Keep stretching and repeating to comfort, again and again and again. Each time one stretches and then repeats it enough for it to become the new comfort, one's becoming genuinely more disciplined. It becomes default and automatic. And that's the entire point.
4) Little by little in building discipline, why?
Overextending, e.g. 0 to 100, 30 to 80 overnight and the like, this tends to offer a short-lived period of rather shaky, tense, and very forced discipline. It's often followed by an even greater and more magnified period which lacks it. Makes sense? Not necessarily, at least not unless someone has experienced it enough.
Being absurdly driven, I was repeatedly convincing myself that "this is bullshit for pussies" and, with a clear goal in mind, going all out at it. I'm not saying this can't work, on some occasions it probably can - but in general that kind of a discipline doesn't really become default and automatic, and the quality of that discipline suffers.
It's easy to understand why one doesn't go from some small weights to strongman level weights in the gym. It's harder to comprehend why would discipline - something that seems just mental, psychological, emotional - be similar in this regard.

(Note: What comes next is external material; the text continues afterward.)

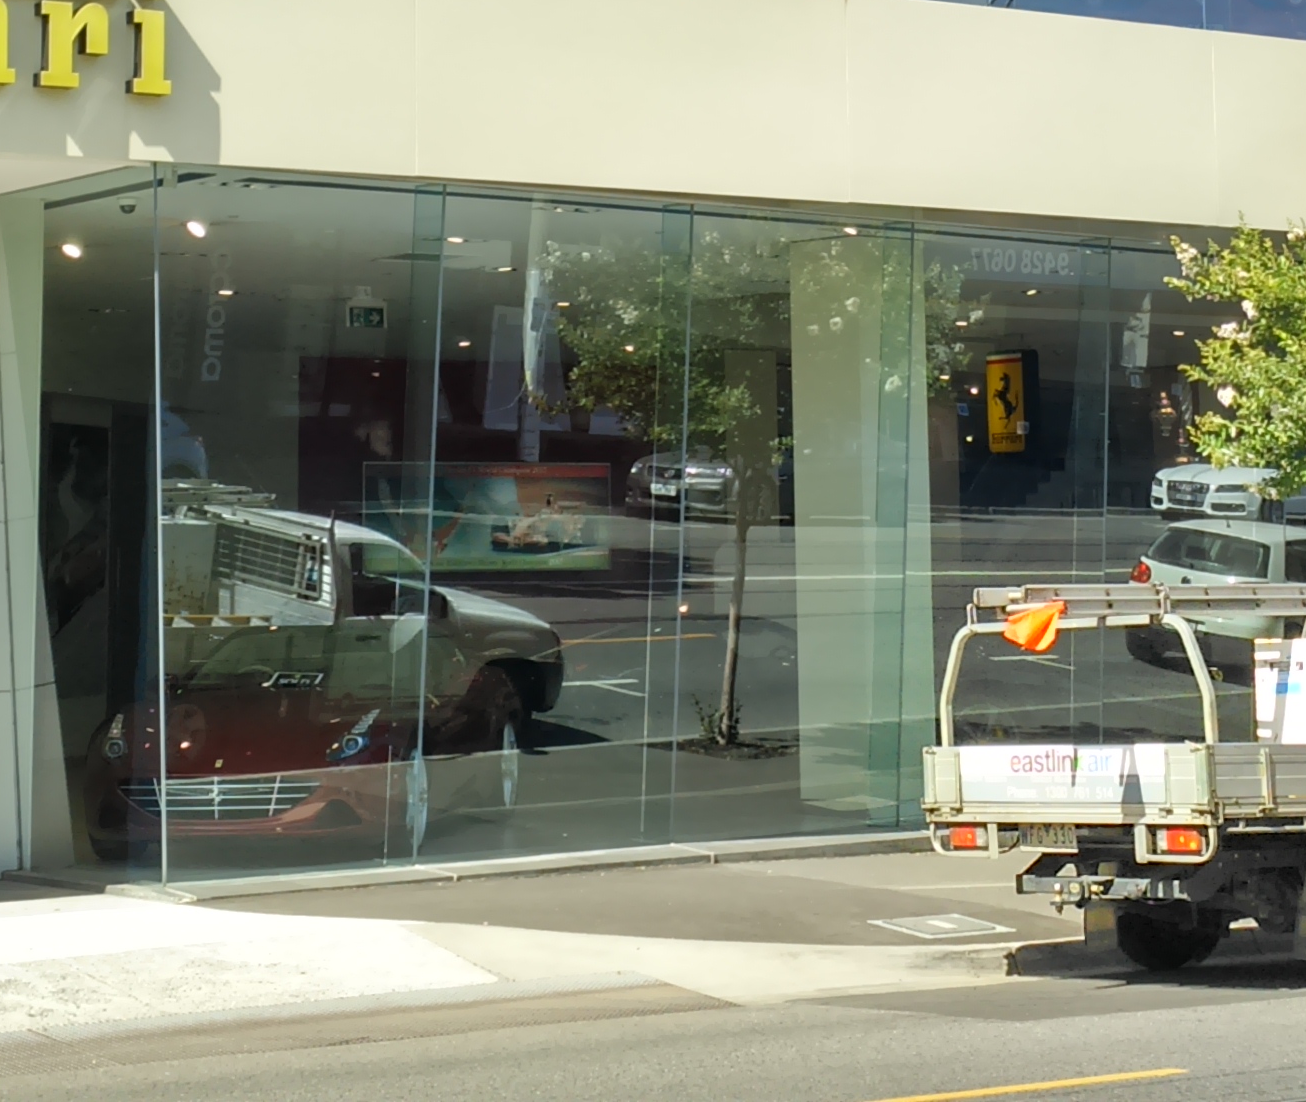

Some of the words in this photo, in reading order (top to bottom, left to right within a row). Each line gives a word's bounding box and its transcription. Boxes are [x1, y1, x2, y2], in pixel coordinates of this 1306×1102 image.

[1010, 748, 1084, 773] eastlink
[1088, 754, 1113, 773] air
[1095, 786, 1114, 798] 514
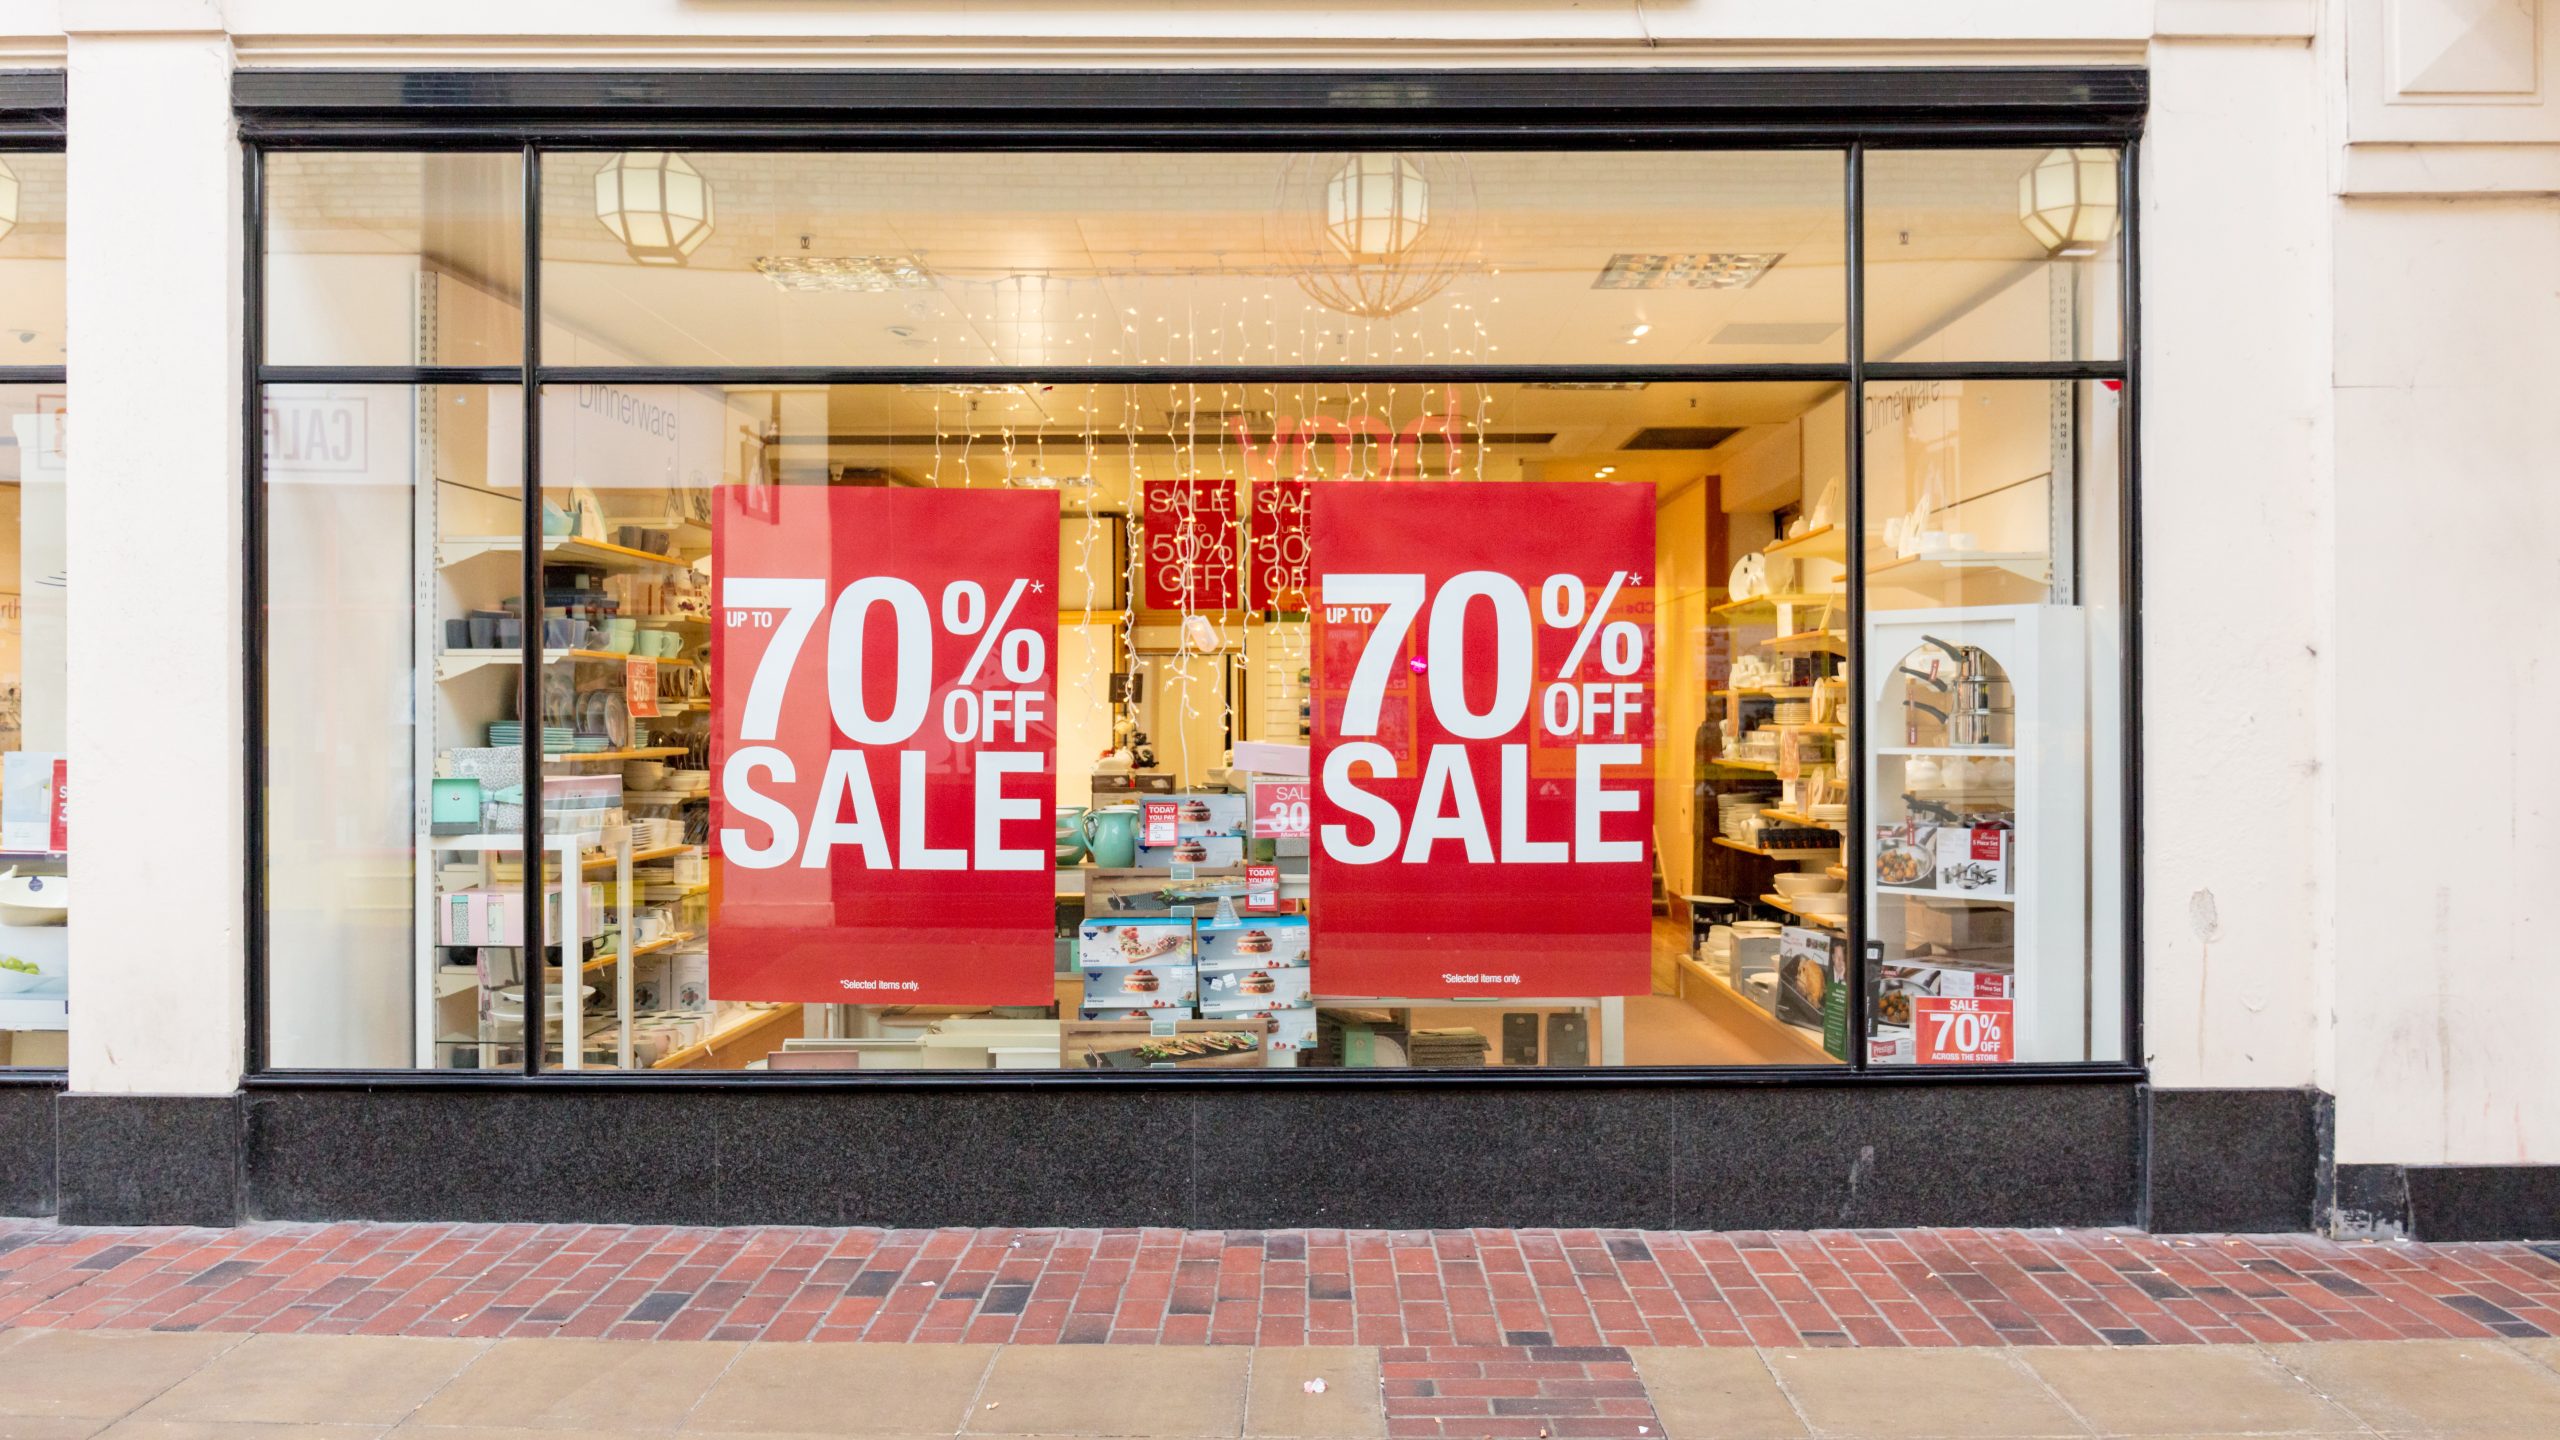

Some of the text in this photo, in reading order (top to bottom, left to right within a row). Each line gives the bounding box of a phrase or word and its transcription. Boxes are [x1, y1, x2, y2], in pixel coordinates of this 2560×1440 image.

The reason has to do with translation, distribution, and alignment between parts. It's not so much that one wants to be more disciplined, it's many parts of oneself that do. There are emotional parts, mental parts, physical parts. There are sub-parts in each of these parts. In a sense, there are trillions of parts because there are trillions of cells, though of course, they organize into larger parts. All of these parts are influenced by, and participate in, daily cycles or rhytm of activity. If one changes this rhytm - some parts can both understand and adapt very easily and quickly. And some parts cannot or don't, for whatever reason, they require time. If that time's not given, it creates a ton of problems.
That's the basic gist of it. If one gives themselves time, they're really giving time to all the internal parts to understand and adapt to what's going on and that's really the key. That's why being more patient and gradual about it, tends to produce much more solid and lasting results, instead of confusion and repeated lack of progress.
There is also the quality of discipline involved in it. It's very important that the quality fits oneself. Rushing it tends to dilute and distort the quality, while taking a more gradual and patient approach supports achieving a quality that fits oneself.
5) On the quality of discipline.
There are many kinds of discipline. The discipline I'm taking about is not one of beating oneself into a constricted automaton. Discipline shouldn't be associated with a lot of tension, feeling very forced, something very pushy and imposing, that's not what it is about. Discipline is something that's used to achieve a nice sense of order. It's returning and staying on track. Mostly, there shouldn't be a sense of overwhelm, or mounting tension, or overload, associated with discipline. It's not tension and stifling sense of restriction. It's a sense of order and stretch of one's abilities in a direction that makes sense.
This quality of discipline has many facets and it's not important to consider them consciously. I don't think it is, at least. There are far too many of them. What's important is that it feels aligned and that it's stable and resilient. A discipline that's easily shaken or broken, that's not the goal. It's discipline that really fits oneself, and then, becomes default and automatic. Intrinsic to one's most normal, day-to-day, unconscious attitude. Something that one finds naturally gravitating towards because it's just a fine place to be at.